- [Goal of the exercise]: Repeat the entries exactly but omit the pictures.

=== Begin Enclosure ===

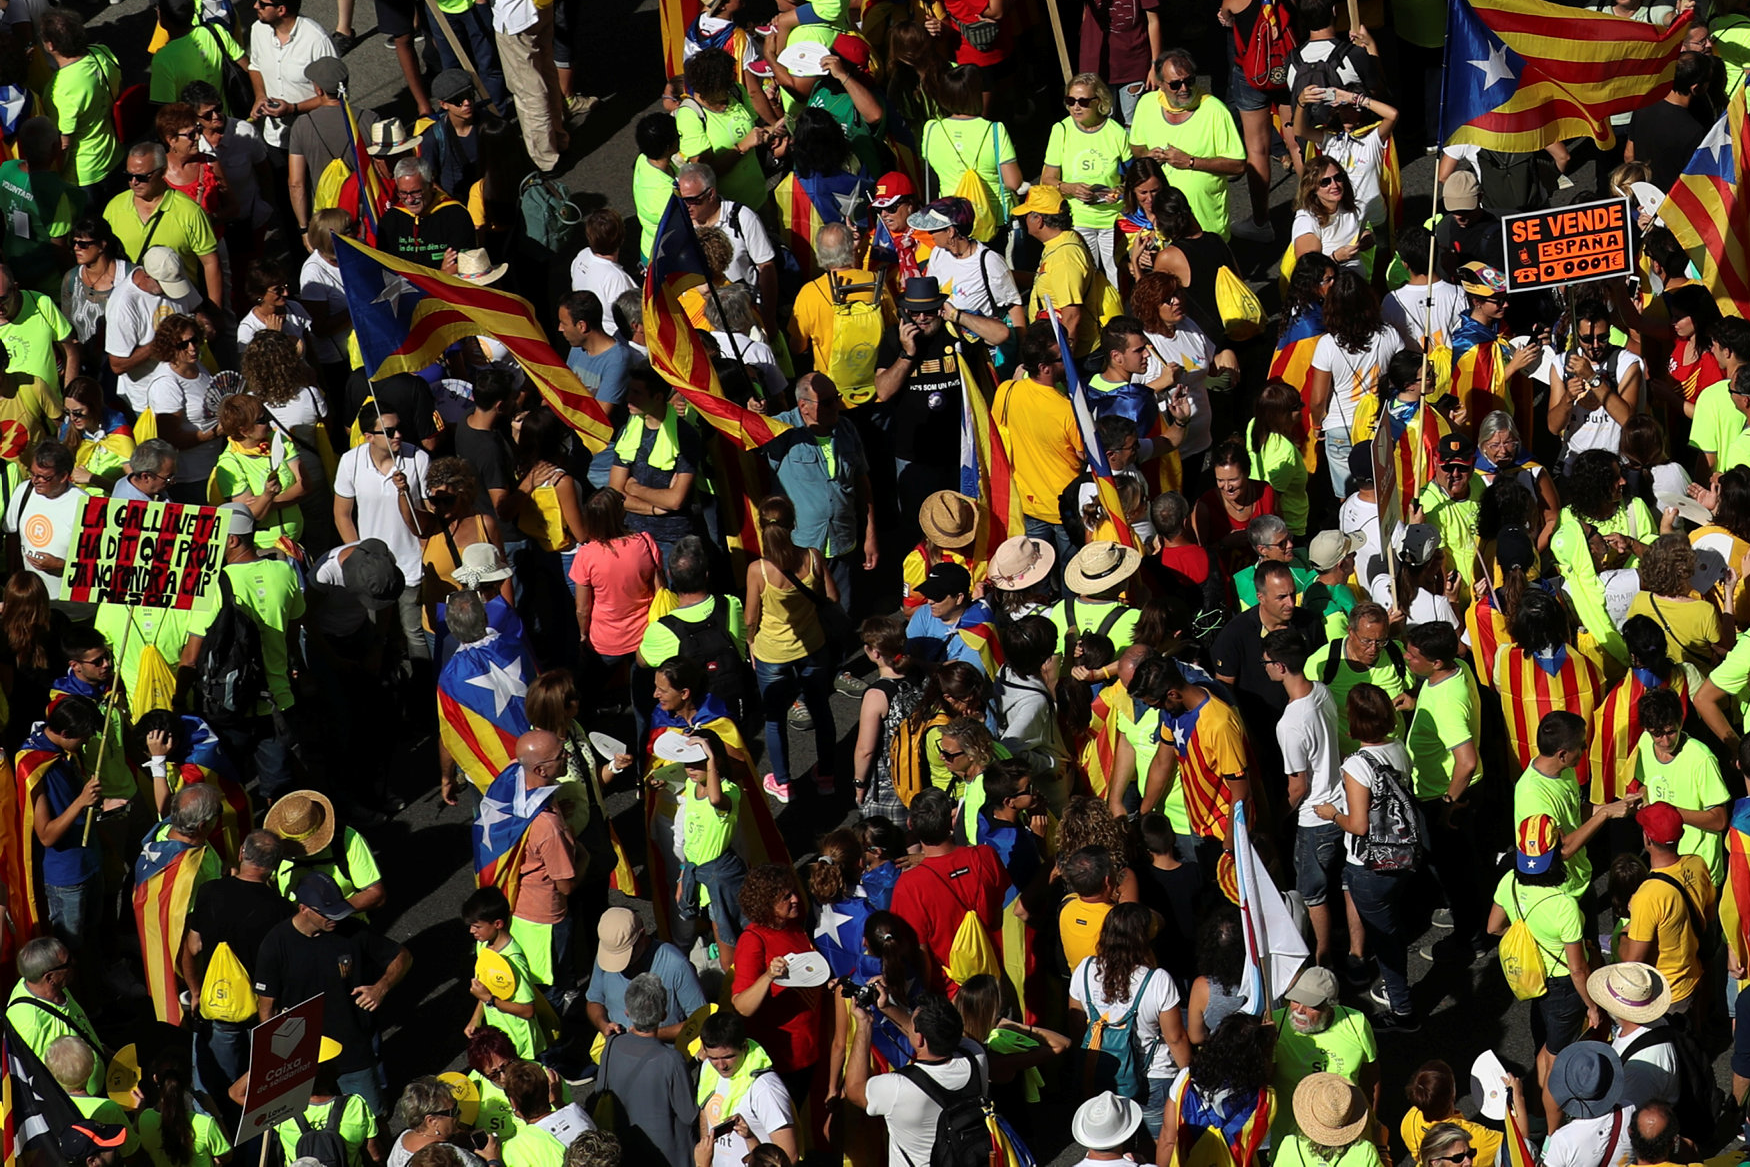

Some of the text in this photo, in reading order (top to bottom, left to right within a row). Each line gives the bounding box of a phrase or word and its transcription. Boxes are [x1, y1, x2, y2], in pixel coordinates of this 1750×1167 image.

[1082, 159, 1096, 171] Sí
[1512, 205, 1623, 242] SE VENDE
[1542, 234, 1619, 257] ESPAÑA
[81, 504, 107, 528] LA
[76, 532, 101, 559] HA
[140, 536, 175, 565] QUE
[68, 562, 89, 587] JA
[92, 563, 113, 588] NO
[265, 1058, 302, 1082] Caixa
[256, 1083, 268, 1094] de
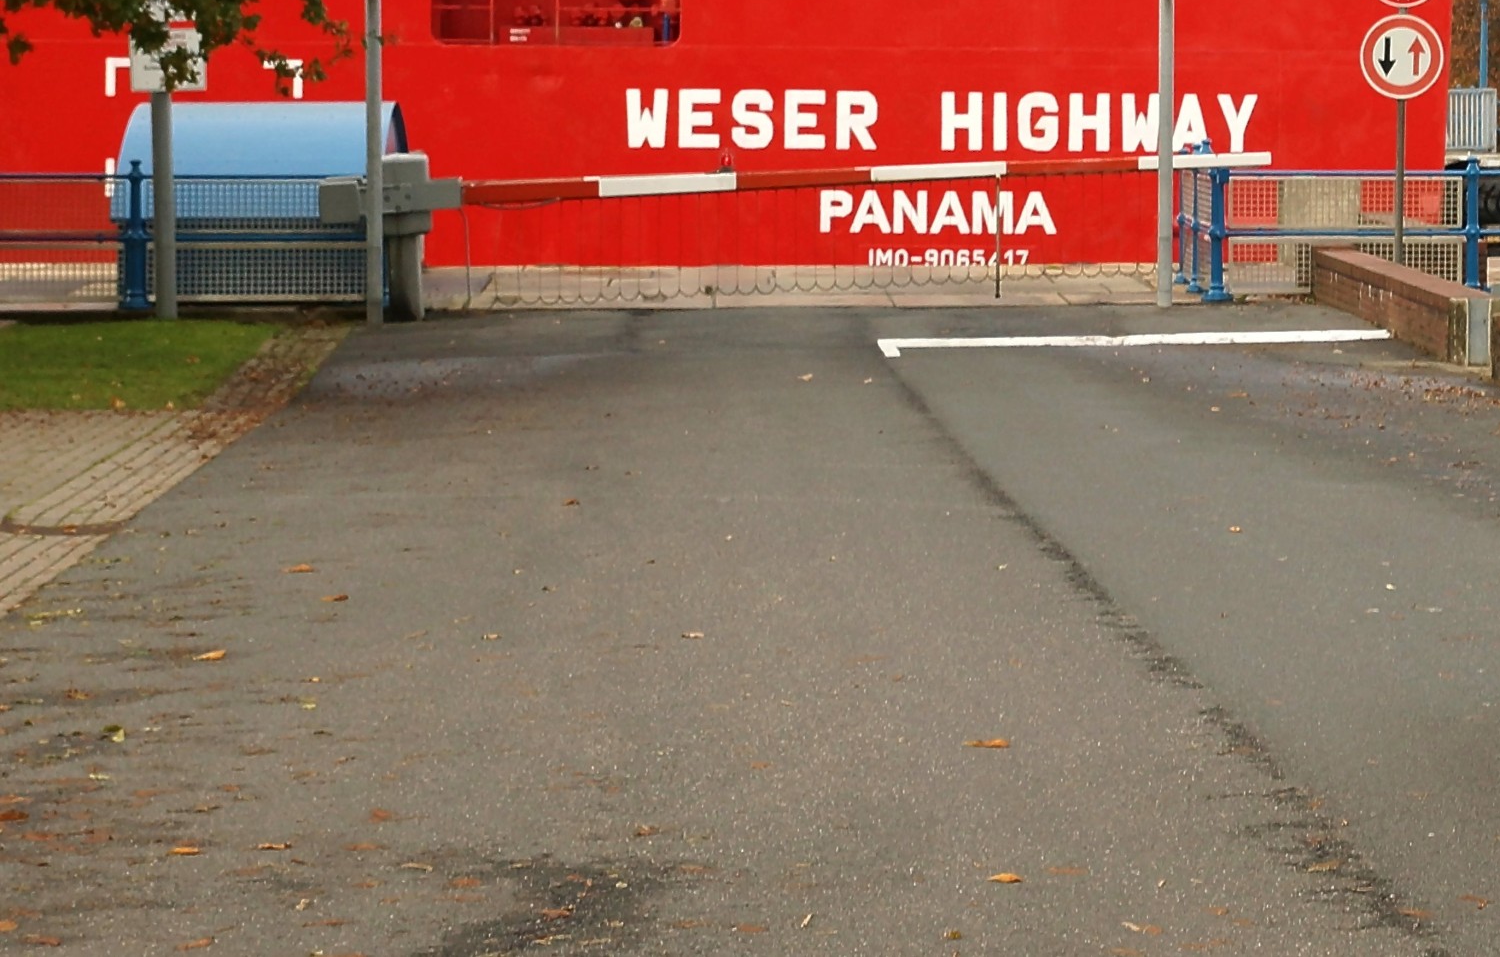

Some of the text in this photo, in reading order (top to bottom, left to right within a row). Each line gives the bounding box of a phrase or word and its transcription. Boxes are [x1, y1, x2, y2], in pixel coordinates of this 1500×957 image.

=== End Enclosure ===

- [Your response]:
Some of the text in this photo, in reading order (top to bottom, left to right within a row). Each line gives the bounding box of a phrase or word and its transcription. Boxes are [x1, y1, x2, y2], in pixel coordinates of this 1750×1167 image.

[1082, 159, 1096, 171] Sí
[1512, 205, 1623, 242] SE VENDE
[1542, 234, 1619, 257] ESPAÑA
[81, 504, 107, 528] LA
[76, 532, 101, 559] HA
[140, 536, 175, 565] QUE
[68, 562, 89, 587] JA
[92, 563, 113, 588] NO
[265, 1058, 302, 1082] Caixa
[256, 1083, 268, 1094] de

Some of the text in this photo, in reading order (top to bottom, left to right within a row). Each line gives the bounding box of a phrase or word and its transcription. Boxes are [x1, y1, x2, y2], in pixel coordinates of this 1500×957 image.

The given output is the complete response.